Stellen Sie zwischen den Einstellungen der heutigen Jugendlichen zu Ihrer Anfangszeit einen Unterschied fest?
Man kann natürlich nicht für alle sprechen, aber ich habe festgestellt, dass die Jugendlichen zum Teil die Einstellung haben: "Komm ich heut' nicht, komm' ich morgen." Das Pflichtbewusstsein hat sich verändert. Bei uns war es halt so, dass man auch beendet hat, was man angefangen hat. Es hieß immer: Entweder machst du es richtig oder du hörst gleich auf.

Diese Einstellung haben Sie sich dann zu Herzen genommen?
Bei mir war es damals der Fußball. Gespielt habe ich, bis ich 16 war. Da habe ich mir gesagt, dass das nichts bringt. Ich wollte nicht länger zweimal die Woche in die nächste Ortschaft fürs Training fahren, dafür war mir meine Zeit zu schade - und habe lieber aufgehört. Dieses Pflichtbewusstsein ist bei manchen zurückgegangen.

Wie ist denn deren Einstellung?
Die sehen das ein bisschen als Hobby. Aber man hat bei der Feuerwehr ja nicht nur sich, sondern auch der Gruppe gegenüber Verantwortung. Da finde ich es sehr schade, dass das manche nicht mehr so sehen.

Was hat Sie dazu bewogen, nicht nur mitzumachen, sondern auch ein Amt zu übernehmen?
Wie gesagt: Die Feuerwehr hat mich schon immer fasziniert, und es hat mich gereizt, der Jugend eine Perspektive zu geben. Zu zeigen, man kann auch andere Sachen machen, als den ganzen Tag nach der Schule zu Hause vor dem Computer oder Fernseher zu sitzen. Zu zeigen, dass es noch Alternativen gibt.

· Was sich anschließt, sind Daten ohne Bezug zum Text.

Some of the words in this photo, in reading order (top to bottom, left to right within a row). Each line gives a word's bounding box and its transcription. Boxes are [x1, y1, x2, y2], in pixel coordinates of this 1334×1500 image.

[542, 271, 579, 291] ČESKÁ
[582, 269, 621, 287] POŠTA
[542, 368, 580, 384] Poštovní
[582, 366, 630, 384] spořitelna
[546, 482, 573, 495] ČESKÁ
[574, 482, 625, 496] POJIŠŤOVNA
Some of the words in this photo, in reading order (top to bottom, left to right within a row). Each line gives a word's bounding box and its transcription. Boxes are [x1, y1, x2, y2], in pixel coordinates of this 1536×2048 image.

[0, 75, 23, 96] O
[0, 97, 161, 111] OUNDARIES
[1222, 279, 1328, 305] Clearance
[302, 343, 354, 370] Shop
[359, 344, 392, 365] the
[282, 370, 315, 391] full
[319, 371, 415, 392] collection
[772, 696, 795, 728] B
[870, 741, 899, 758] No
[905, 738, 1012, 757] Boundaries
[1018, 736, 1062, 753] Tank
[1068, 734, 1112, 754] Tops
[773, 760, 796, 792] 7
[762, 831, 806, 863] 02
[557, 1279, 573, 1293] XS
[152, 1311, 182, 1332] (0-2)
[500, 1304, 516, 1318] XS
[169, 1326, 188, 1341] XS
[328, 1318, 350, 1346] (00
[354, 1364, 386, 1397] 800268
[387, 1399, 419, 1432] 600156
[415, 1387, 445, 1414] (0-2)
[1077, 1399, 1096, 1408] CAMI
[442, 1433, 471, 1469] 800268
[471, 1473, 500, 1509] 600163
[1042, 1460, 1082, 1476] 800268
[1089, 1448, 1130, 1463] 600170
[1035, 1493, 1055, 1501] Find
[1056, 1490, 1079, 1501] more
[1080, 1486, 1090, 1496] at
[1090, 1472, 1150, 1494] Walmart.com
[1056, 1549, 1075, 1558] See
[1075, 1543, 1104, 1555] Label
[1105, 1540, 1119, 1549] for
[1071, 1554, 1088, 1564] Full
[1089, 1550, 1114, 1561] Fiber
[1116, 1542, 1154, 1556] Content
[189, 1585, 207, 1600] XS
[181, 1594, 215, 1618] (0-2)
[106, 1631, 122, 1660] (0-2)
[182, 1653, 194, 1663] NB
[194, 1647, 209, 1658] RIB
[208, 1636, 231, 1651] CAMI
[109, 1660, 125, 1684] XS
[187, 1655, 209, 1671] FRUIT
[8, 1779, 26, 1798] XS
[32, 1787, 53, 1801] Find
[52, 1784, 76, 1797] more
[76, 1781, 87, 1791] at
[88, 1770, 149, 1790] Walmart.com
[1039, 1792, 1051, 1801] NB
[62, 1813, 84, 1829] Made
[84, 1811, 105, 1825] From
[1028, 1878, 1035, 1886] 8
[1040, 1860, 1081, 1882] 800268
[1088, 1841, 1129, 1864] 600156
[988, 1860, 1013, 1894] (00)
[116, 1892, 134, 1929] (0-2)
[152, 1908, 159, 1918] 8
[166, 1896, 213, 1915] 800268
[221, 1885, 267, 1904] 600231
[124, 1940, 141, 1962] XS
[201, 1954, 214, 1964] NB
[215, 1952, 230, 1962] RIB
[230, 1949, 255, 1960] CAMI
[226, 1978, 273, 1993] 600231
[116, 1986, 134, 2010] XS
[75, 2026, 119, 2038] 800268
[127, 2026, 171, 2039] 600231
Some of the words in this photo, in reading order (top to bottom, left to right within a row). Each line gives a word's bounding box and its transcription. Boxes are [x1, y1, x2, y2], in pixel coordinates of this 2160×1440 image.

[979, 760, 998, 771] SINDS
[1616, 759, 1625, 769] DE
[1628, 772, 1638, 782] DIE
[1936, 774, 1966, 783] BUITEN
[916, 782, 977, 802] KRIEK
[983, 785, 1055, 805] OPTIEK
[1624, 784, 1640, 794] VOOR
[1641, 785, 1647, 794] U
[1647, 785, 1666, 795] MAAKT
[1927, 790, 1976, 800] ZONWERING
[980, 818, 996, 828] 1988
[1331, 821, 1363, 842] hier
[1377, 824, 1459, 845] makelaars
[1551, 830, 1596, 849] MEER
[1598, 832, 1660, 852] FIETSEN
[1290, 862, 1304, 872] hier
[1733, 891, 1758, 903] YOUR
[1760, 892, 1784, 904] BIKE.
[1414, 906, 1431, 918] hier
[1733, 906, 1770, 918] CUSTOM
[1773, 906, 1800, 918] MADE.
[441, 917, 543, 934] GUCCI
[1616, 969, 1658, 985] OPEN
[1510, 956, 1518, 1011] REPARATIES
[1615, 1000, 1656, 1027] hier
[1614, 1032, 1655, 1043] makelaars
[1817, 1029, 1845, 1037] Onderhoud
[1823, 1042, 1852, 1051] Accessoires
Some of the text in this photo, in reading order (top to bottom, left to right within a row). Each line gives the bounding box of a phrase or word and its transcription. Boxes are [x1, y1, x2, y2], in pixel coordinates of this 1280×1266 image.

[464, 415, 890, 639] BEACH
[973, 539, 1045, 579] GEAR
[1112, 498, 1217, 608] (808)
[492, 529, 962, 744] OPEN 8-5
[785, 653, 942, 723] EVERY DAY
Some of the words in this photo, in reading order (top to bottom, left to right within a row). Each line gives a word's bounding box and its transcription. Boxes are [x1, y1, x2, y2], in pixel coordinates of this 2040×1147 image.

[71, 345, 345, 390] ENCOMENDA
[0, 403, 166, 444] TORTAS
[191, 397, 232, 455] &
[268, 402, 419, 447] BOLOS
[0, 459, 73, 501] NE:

Sie waren 25 Jahre alt, als Sie Kommandant wurden. Fiel Ihnen der Schritt an die Spitze schwer?
Lernen kann man es ohnehin nicht, da muss man dann mit der Zeit reinwachsen. Ich bin gut aufgenommen worden. Auch damals schon zuvor als Zweiter Kommandant. Von meinem damaligen Kommandanten bin ich gut unterstützt worden und habe auch jetzt eine gute Mannschaft, die hinter mir steht.

Jetzt sind Sie schon mehr als die Hälfte Ihres Lebens bei der Feuerwehr. Welchen Platz nimmt sie inzwischen in Ihrem Leben ein?
Es vergeht eigentlich keine Woche, in der ich nicht irgendwas mit ihr zu tun habe.